Kristin (Kristin Rooke, CSCS, CPT)


  • Peter says:

    A well known TV presenter here in the UK had a stroke whilst performing a high intensive workout on a rowing machine.

    Admitedly he is in his early fifties, but he runs marathons and is obviously quite fit.

    I think people should be aware of the possible dangers of raising your heart rate over 85% of its max, through short intensive burst of activity.

    Sure everyone has different fitness levels, but common sense tells you it's not a good thing to do, especially as you get older.

    There are far safer ways to raise your heart rate (such as strength training) that benefits the cardiovascular system.

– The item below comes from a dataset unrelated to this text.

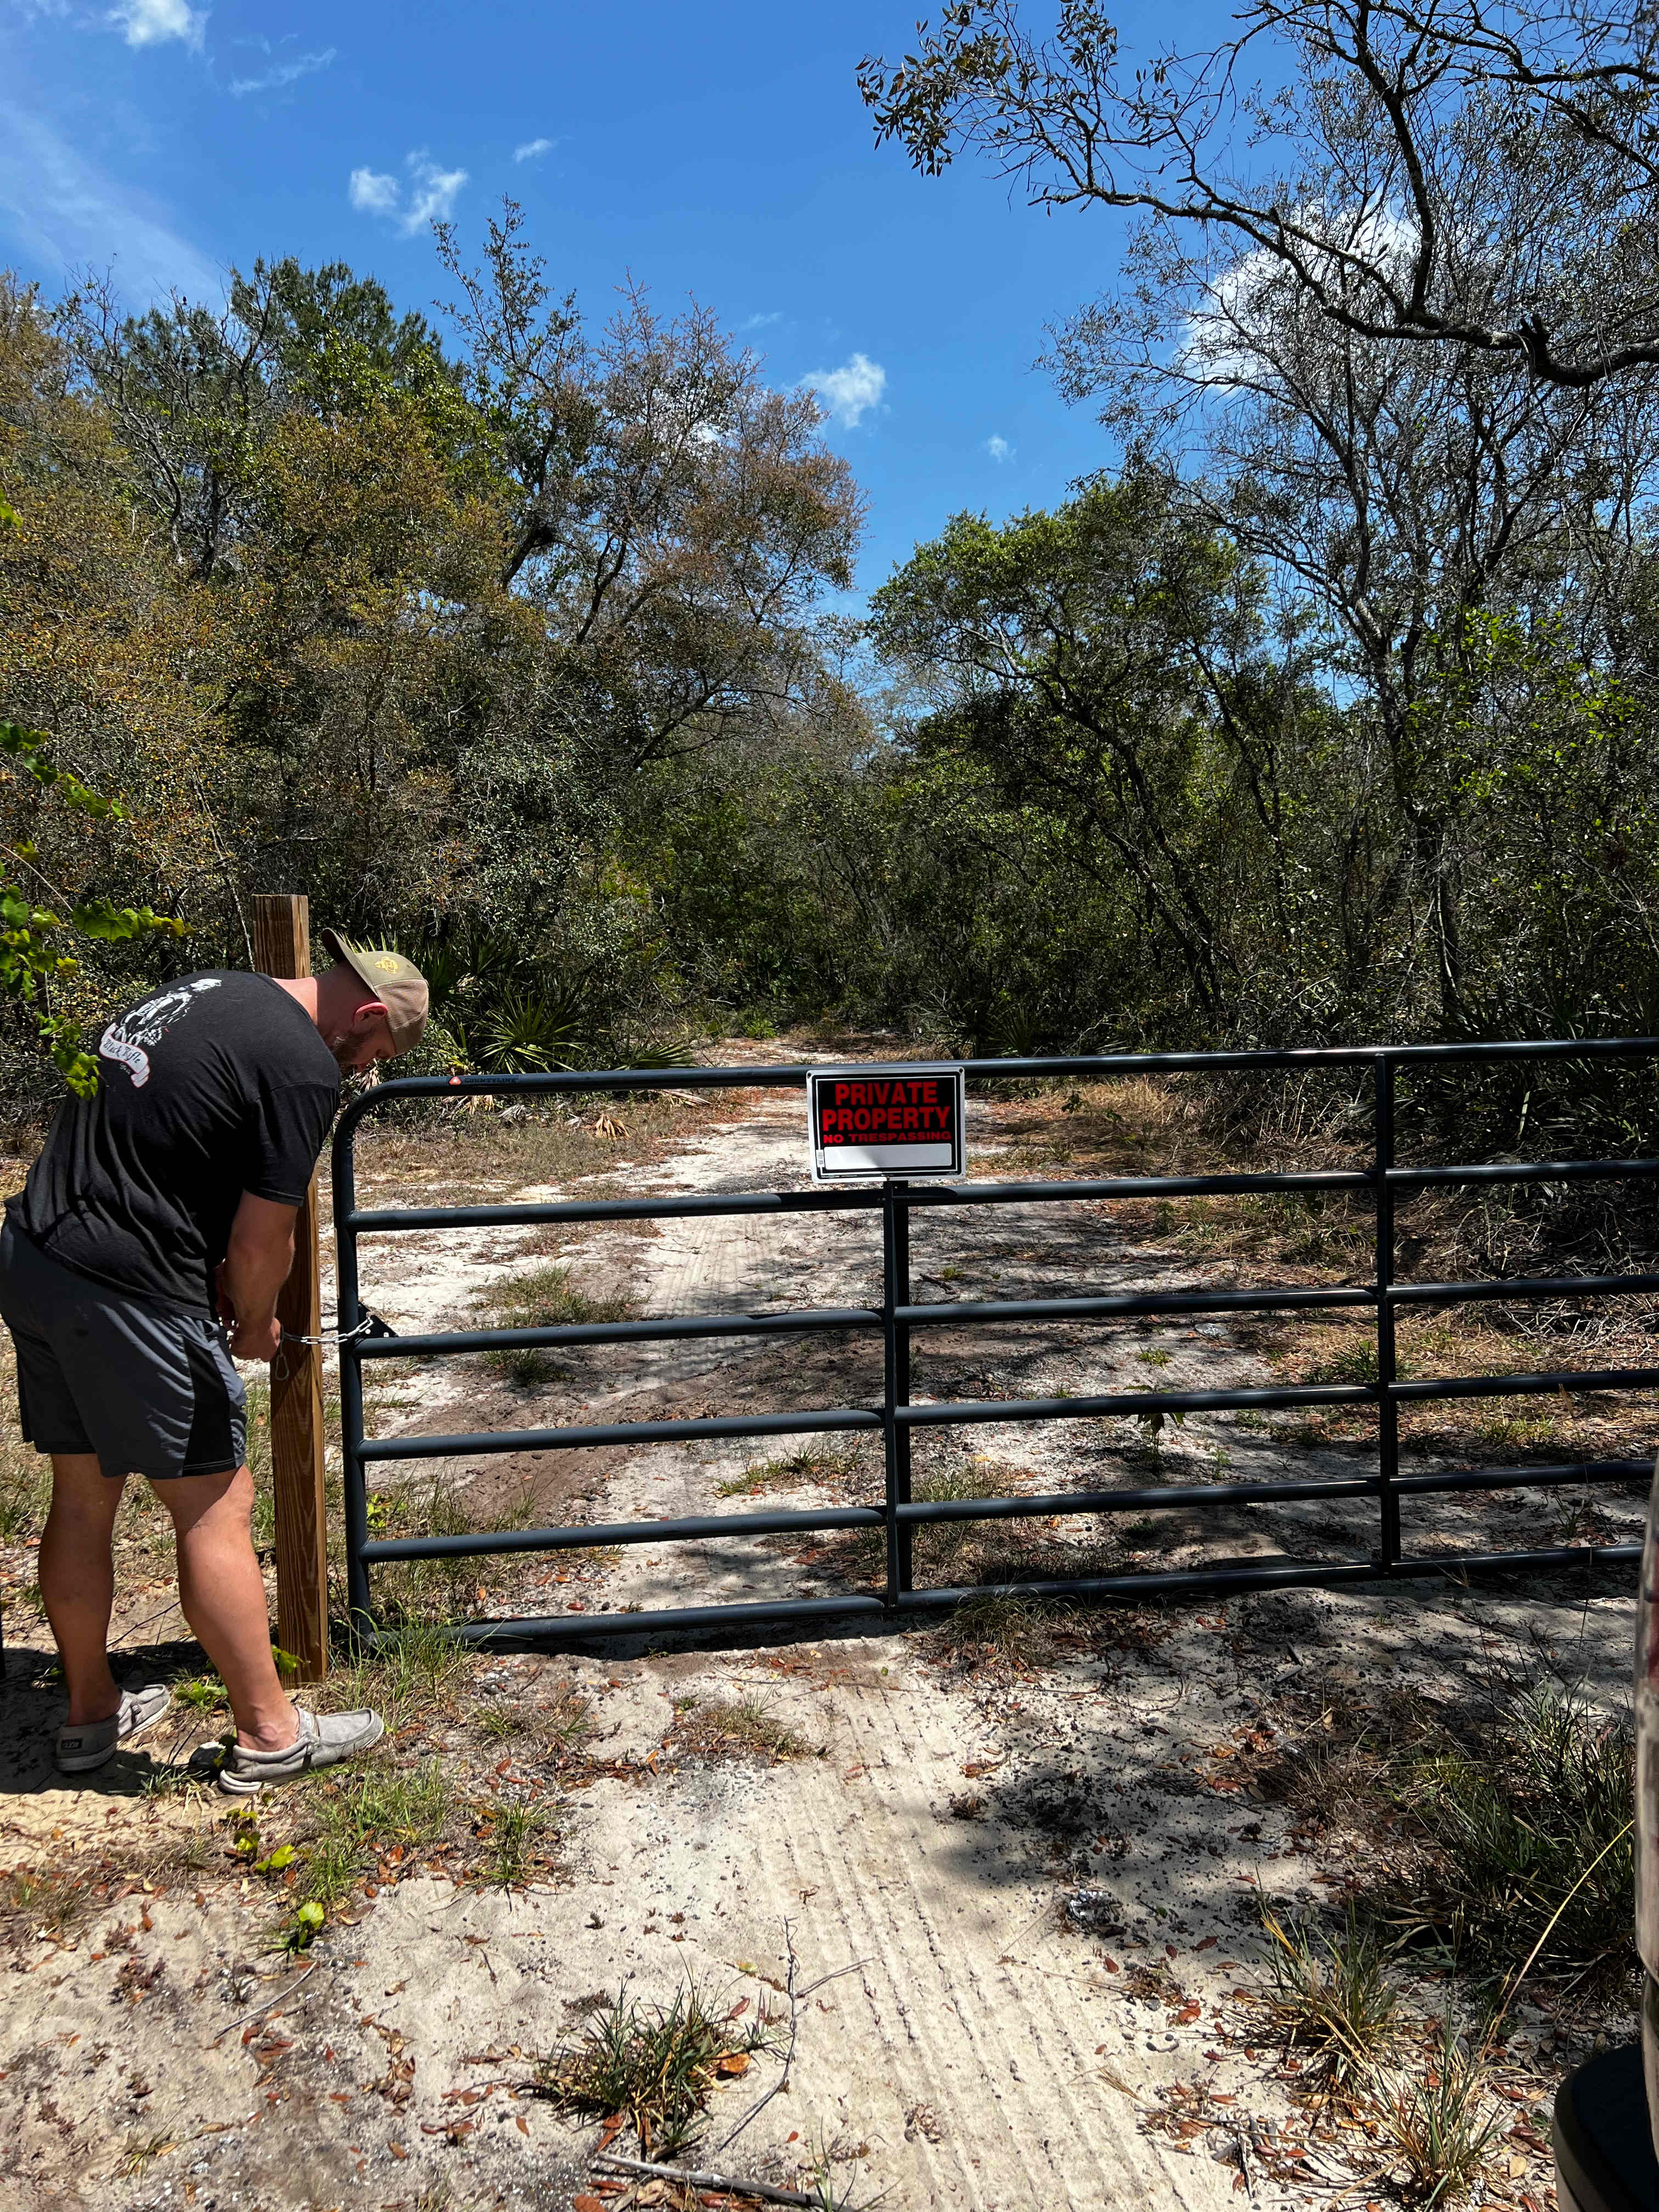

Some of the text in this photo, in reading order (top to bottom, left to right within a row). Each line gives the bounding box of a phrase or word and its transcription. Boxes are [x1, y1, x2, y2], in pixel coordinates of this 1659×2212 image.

[103, 1039, 122, 1057] Black
[835, 1081, 938, 1105] PRIVATE
[822, 1106, 951, 1131] PROPERTY
[823, 1131, 952, 1144] NO TRESPASSING

    • Marc Perry, CSCS, CPT says:

      @Peter - Thanks for sharing. We recommend all beginners and individuals over 50 years old wear heart rate monitors and stay below 85%. For example, when I train my dad who is 65 years old, we don't go above 85%, ever. But I would disagree that someone who is not fit can't go above that range. Most sprinters are well above 85% max heart rate when they workout. Can be safe but still intense to go above 85% heart rate depending on the person. It's key to use judgement of course.

  • Leo says:

    I'm 58 years old. I've been running all my life and run a few half-marathons each year. If I took the advice above: "We recommend all beginners and individuals over 50 years old wear heart rate monitors and stay below 85%" I would have to stop running right now, because my average heart rate in a run is above that 85% (assuming the 220 - age "rule"), and sometimes peaks above 200bpm - and that's not going to my full limit. Sorry to be a bit rude - but what nonsense!

    • Marc Perry, CSCS, CPT says:

      Hey Leo, thanks for sharing. I wrote an in-depth article about Max Heart Rate which shows that it's highly individual, right here => How to Calculate Your Max Heart Rate.